[[ Provided data open ]]
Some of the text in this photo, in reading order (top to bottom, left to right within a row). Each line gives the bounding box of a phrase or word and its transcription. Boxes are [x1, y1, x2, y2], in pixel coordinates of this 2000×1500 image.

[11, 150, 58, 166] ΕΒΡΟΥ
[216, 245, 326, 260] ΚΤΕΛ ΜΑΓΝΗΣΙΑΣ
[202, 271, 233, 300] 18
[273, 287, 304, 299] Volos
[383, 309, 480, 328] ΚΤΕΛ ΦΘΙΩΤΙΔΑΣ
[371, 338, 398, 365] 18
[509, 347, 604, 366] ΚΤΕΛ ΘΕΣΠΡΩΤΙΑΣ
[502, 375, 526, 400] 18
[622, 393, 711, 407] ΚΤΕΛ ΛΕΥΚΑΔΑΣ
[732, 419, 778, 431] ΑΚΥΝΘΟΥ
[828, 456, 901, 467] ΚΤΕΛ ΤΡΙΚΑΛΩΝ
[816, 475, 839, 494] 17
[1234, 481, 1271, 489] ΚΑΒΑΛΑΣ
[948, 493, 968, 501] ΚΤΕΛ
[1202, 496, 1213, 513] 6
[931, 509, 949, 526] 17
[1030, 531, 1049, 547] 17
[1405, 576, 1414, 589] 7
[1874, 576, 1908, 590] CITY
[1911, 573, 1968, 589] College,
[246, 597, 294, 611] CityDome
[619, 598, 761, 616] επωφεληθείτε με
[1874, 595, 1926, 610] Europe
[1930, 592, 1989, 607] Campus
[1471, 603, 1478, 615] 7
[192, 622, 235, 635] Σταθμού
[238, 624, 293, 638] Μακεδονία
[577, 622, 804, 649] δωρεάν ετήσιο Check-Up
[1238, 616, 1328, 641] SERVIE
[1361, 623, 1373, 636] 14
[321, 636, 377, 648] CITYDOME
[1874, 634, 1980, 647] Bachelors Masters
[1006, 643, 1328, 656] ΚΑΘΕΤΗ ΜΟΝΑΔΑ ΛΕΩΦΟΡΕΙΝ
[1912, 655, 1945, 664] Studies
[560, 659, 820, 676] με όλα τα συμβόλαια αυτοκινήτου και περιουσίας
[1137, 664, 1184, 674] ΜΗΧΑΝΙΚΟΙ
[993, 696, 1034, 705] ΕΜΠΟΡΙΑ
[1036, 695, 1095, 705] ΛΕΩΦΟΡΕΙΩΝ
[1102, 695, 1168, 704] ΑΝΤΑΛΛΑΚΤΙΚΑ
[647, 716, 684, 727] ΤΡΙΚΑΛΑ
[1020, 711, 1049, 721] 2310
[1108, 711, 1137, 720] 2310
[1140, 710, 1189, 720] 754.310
[[ Provided data closed ]]
The lines to copy are those above that contain "ΚΤΕΛ".

[216, 245, 326, 260] ΚΤΕΛ ΜΑΓΝΗΣΙΑΣ
[383, 309, 480, 328] ΚΤΕΛ ΦΘΙΩΤΙΔΑΣ
[509, 347, 604, 366] ΚΤΕΛ ΘΕΣΠΡΩΤΙΑΣ
[622, 393, 711, 407] ΚΤΕΛ ΛΕΥΚΑΔΑΣ
[828, 456, 901, 467] ΚΤΕΛ ΤΡΙΚΑΛΩΝ
[948, 493, 968, 501] ΚΤΕΛ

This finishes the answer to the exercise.